Edited by Ken Jackson and Arthur F. Marotti
The topic of Shakespeare and religion is a perennial one, and the recent “turn to religion” in historical and literary scholarship has pushed it to the fore. Besides speculating about Shakespeare’s personal religious beliefs and allegiance, historians and literary critics writing about early modern England are reexamining the religious dynamics of the period and emphasizing the ways in which old, new, and emerging religious cultures coexisted in conflicting hybrid and unstable forms.
The contributors to Shakespeare and Religion: Early Modern and Postmodern Perspectives deal with the topic of Shakespeare and religion from two points of view not always considered complementary—that of the historical approach to Shakespearean drama in its early modern contexts, and that of postmodern philosophy and theology.
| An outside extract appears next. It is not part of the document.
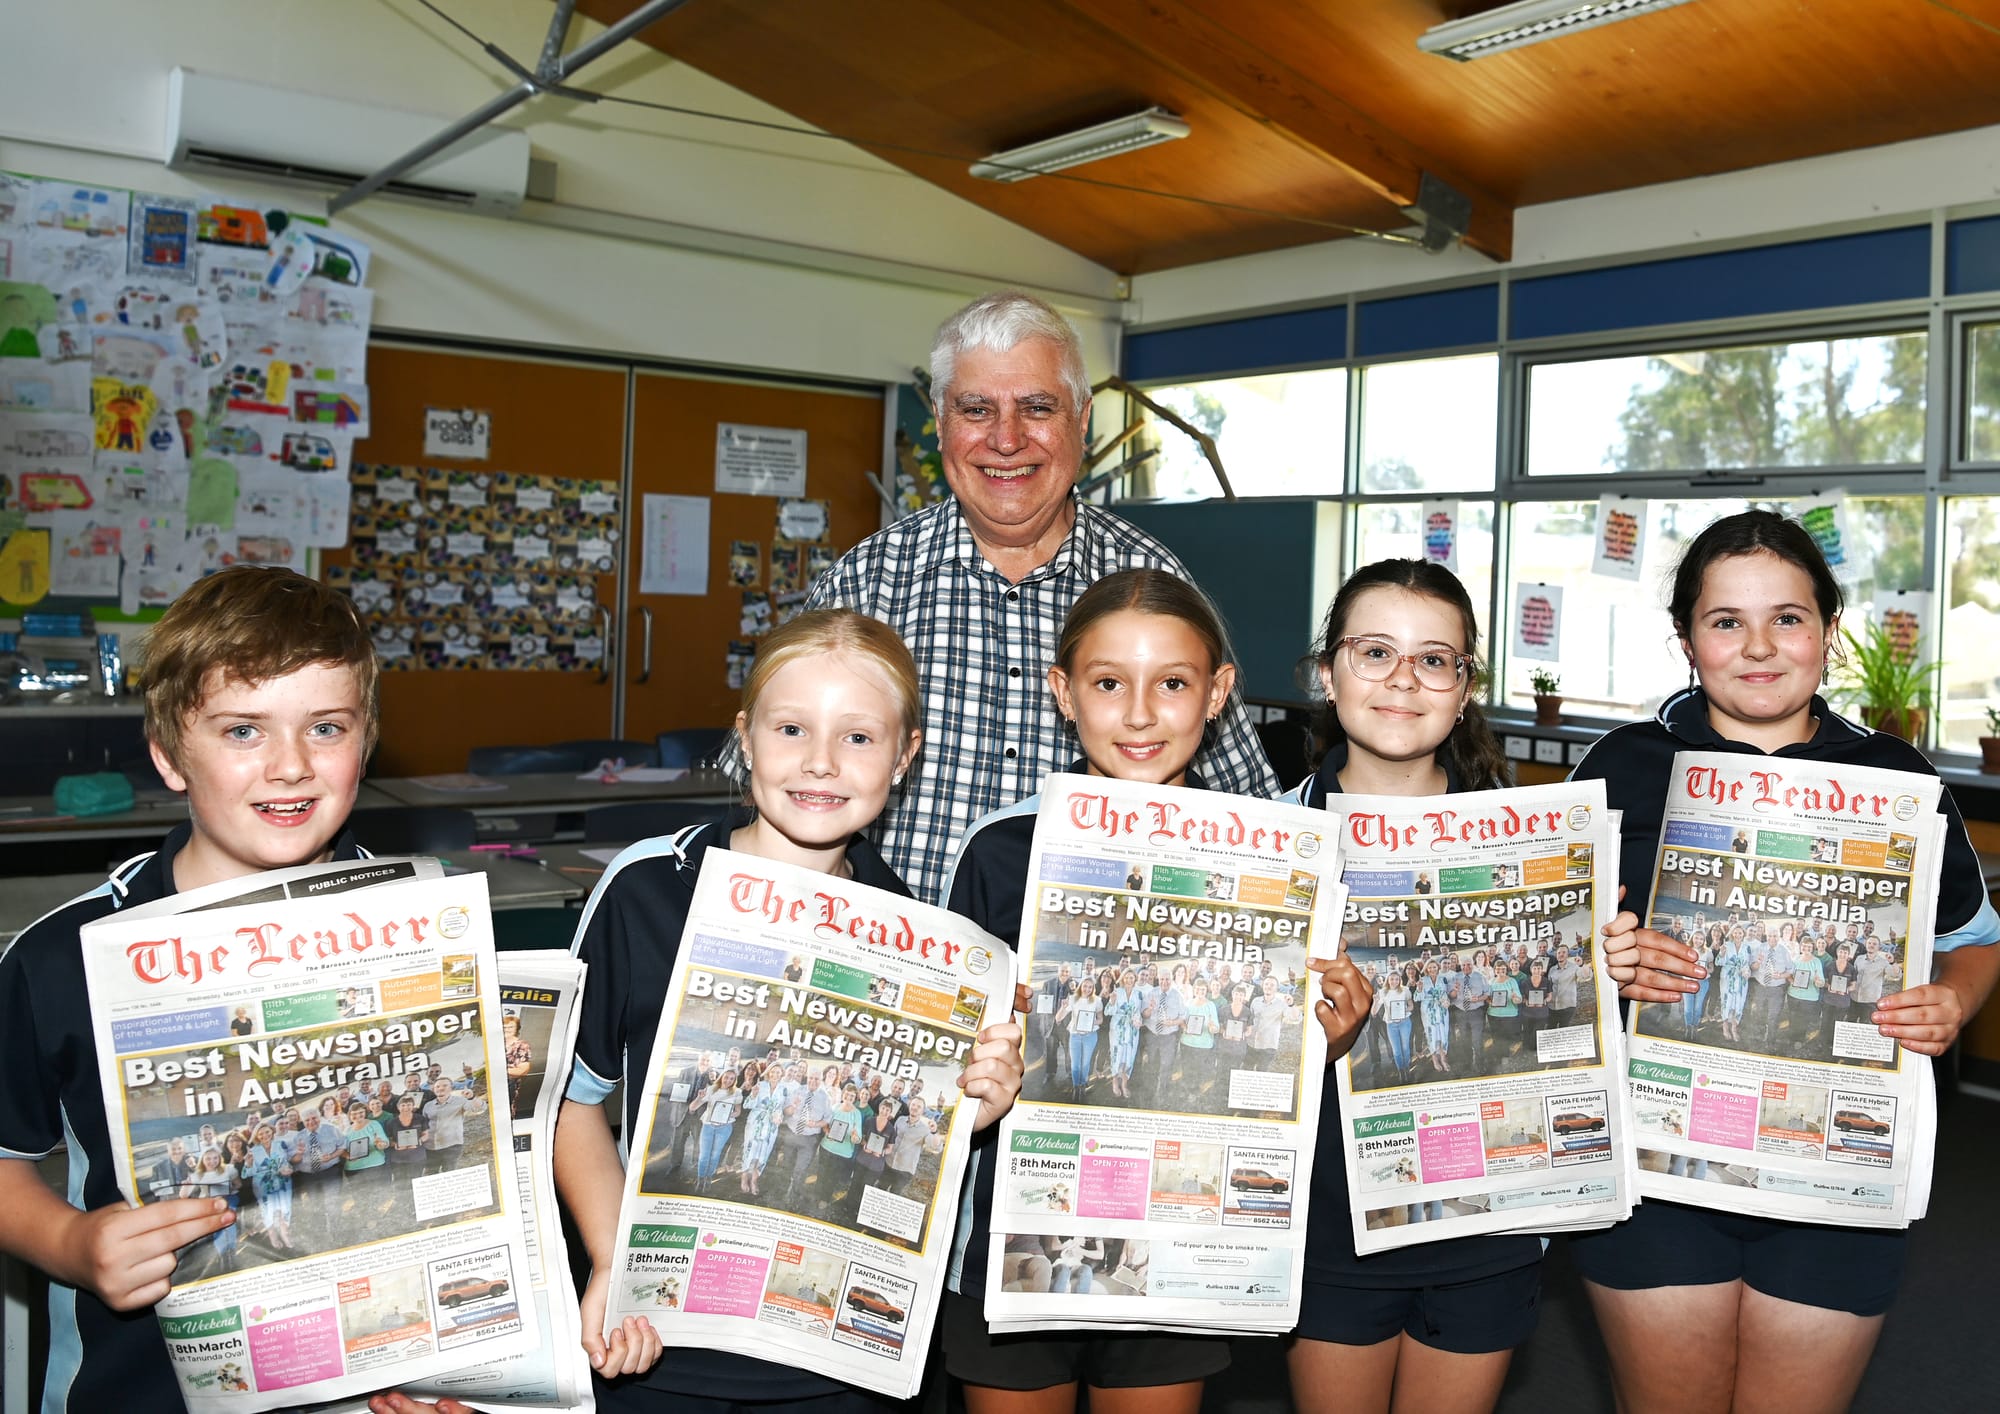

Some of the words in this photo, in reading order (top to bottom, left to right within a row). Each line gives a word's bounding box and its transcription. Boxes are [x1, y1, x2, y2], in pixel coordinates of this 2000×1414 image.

The first illuminates the culture-specific features of the plays, whereas the second emphasizes their transhistorical qualities and the relevance of the deep religious and philosophical issues surfacing in early modern culture to contemporary religious struggles and awareness.
Contributors: Sarah Beckwith, Lisa Mybun Freinkel, Hannibal Hamlin, Ken Jackson, James A. Knapp, Gary Kuchar, Joan Pong Linton, Julia Reinhard Lupton, Arthur F. Marotti, Richard McCoy, and Robert Miola.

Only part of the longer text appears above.